That is the problem to which Treasury Secretary Humphrey's letter to the chairman of the House Ways and Means Committee on July 26, 1955, was directed and that is one important problem which the delegate body of the council should carefully consider.
The Treasury's letter, aside from the withholding tax proposal, did little more than state the problem. If offered no specific or satisfactory solution for the real problem of what is taxable income to the cooperative and what is taxable income to the patron.
SEVERAL DANGER SIGNALS There are several danger signals that stand out for farmer cooperatives and their members in the present status of this problem.
Some of the extremists who would like to subject farmer cooperatives to double taxation at both the cooperative and patron level still are active and occasionally make themselves heard, but they should know by now that their cause is lost. So the major aim now that we have to face is the effort to impose a corporate tax generally on cooperatives where the rate is higher and where it is easier for the Treasury to collect.
The heart of the Treasury's suggestions is : "It could be provided that cooperatives could take deductions in computing their taxable income only for (a) cash distributions and (b) noncash allocations issued in such form or under such circumstances as would make them currently taxable to the patron-members receiving them, and (c) the amount deductible by the cooperative itself should not exceed the amount so currently taxable to patronmembers."

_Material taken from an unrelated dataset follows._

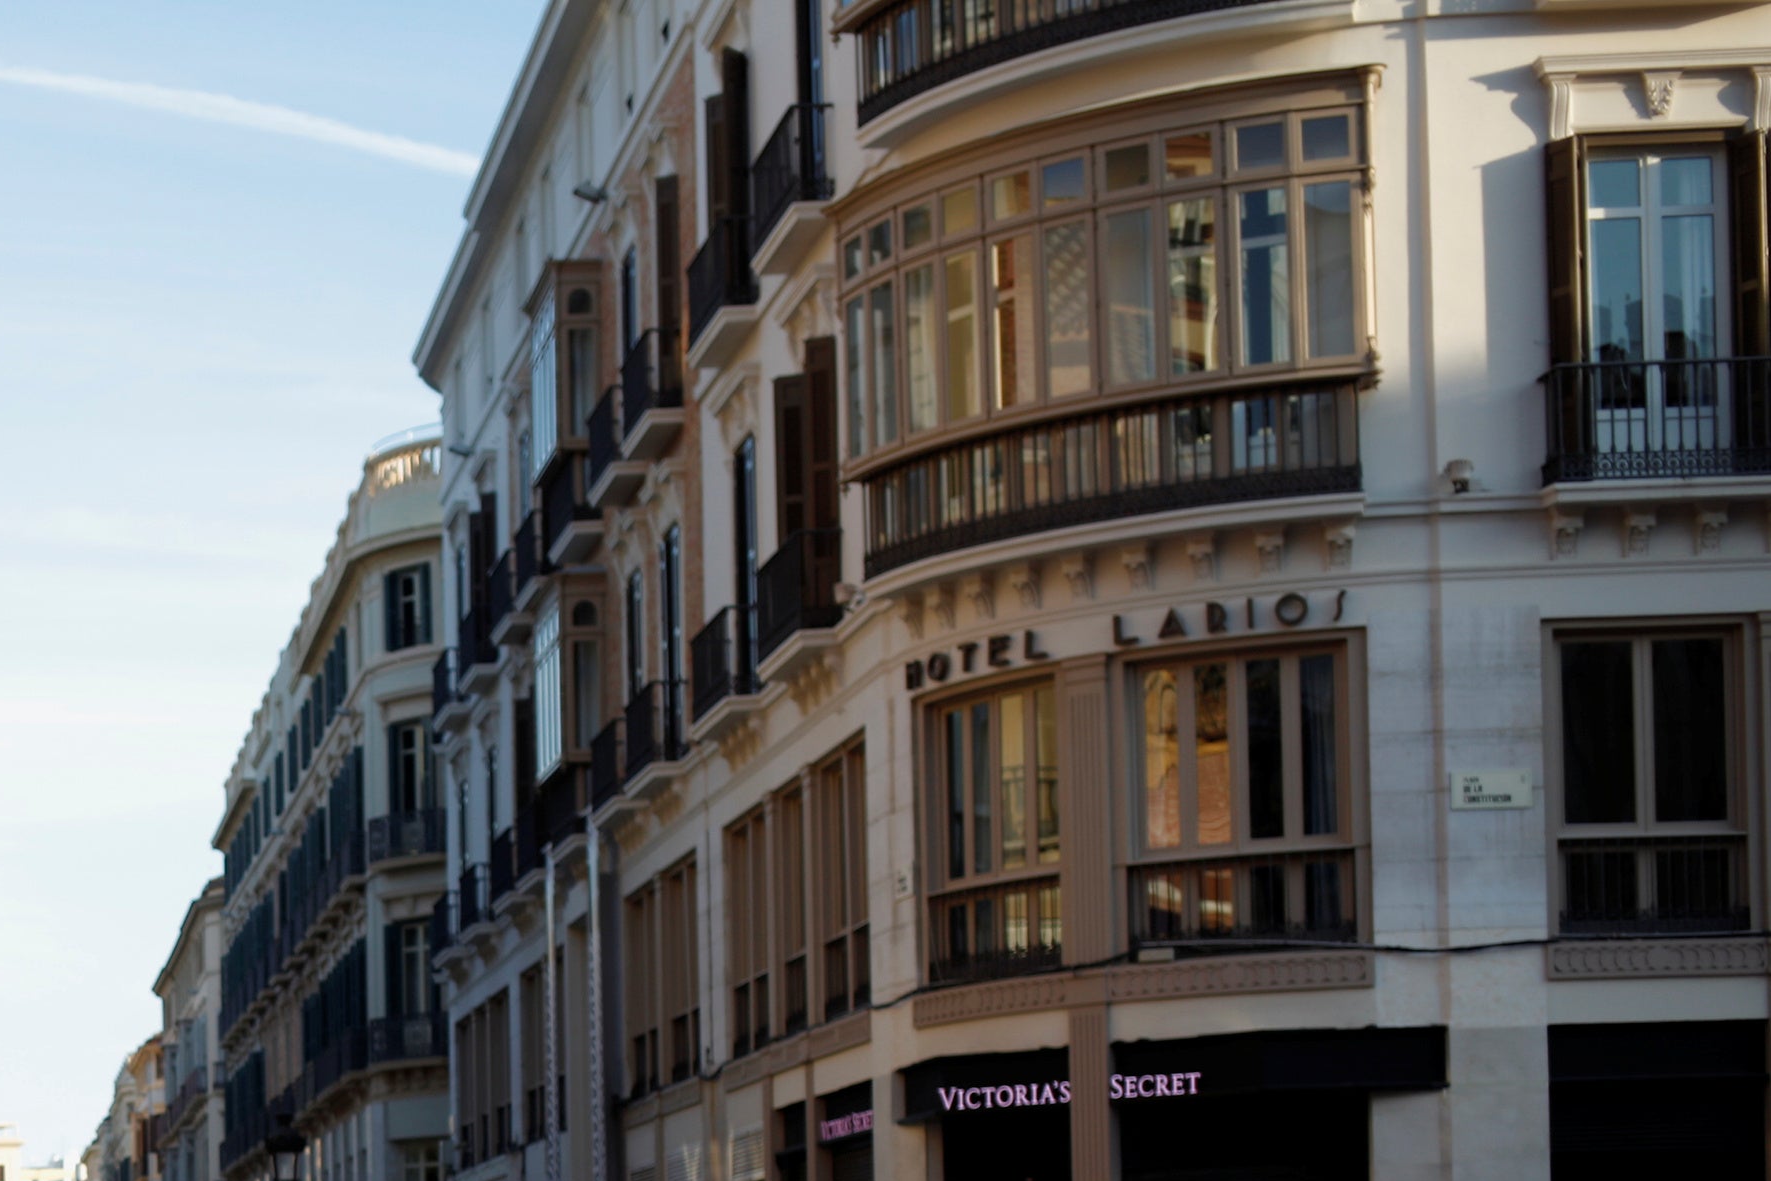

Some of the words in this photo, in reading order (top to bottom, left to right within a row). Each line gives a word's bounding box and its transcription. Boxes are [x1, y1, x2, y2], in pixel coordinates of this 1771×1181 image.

[905, 629, 1050, 691] HOTEL
[1112, 589, 1348, 647] LARIOS
[937, 1080, 1072, 1112] VICTORIA'S
[1109, 1071, 1202, 1100] SECRET

Unless Congress spells out clearly just what is to be regarded as taxable income to the cooperative and what is to be regarded as taxable income to the patron, we very likely will find the Treasury moving, to the extent it can legally do so, in the direction of subjecting the cooperative to ever-increasing corporate taxes. It is quite clear under the Treasury's recommendation and recent court decisions that unless Congress does spell out clearly the extent to which noncash allocations shall be taxable to the patron-members then the Treasury will likely try to move in the direction of permitting the cooperative to deduct cash distributions only in computing taxable income.
SPECIAL COMMITTEE NAMED
Recognizing the complexity of some of the problems created by these recent court decisions, I appointed some months ago a special committee composed of 6 representatives of council members, including the 2 vice presidents, to work with me in trying to analyze the problem and develop for you some guidelines to assist the members of the council in reaching a sound policy position with respect to this problem.
We have had two meetings and a number of conferences on behalf of the committee with professional tax people in the council, in Congress, and in the administration. The other members of our committee are here today and will have an opportunity to express any individual views they may desire to supplement the committee report.
Our conclusions are as follows:
1. The general intent of the 1951 act, contemplating that the income or margins resulting from farmer cooperative operations should be subjected to a single tax, is sound in principle.
2. Recent court decisions have raised doubt as to the taxable value of any noncash patronage distribution until settled by litigation in individual cases.
3. The enactment of legislation to fill the gap in the 1951 act by providing for the current taxability to patrons of distributions in noncash form at face amount would be in the interest of farmers and farmer cooperatives and would be in furtherance of established contractual relationships between farmers and their cooperatives. It is believed that such legislation carefully drawn would stand an excellent chance of being upheld in the courts.
4. Any such legislation should clearly provide that the Treasury shall not follow a dual policy of taxing farmers in the same year on distributions in certifcate or other noncash form and also on cash received in such year in redemption of certificates previously issued.
5. The proposal for a withholding tax to be applied to patronage refunds should, we believe, be firmly opposed.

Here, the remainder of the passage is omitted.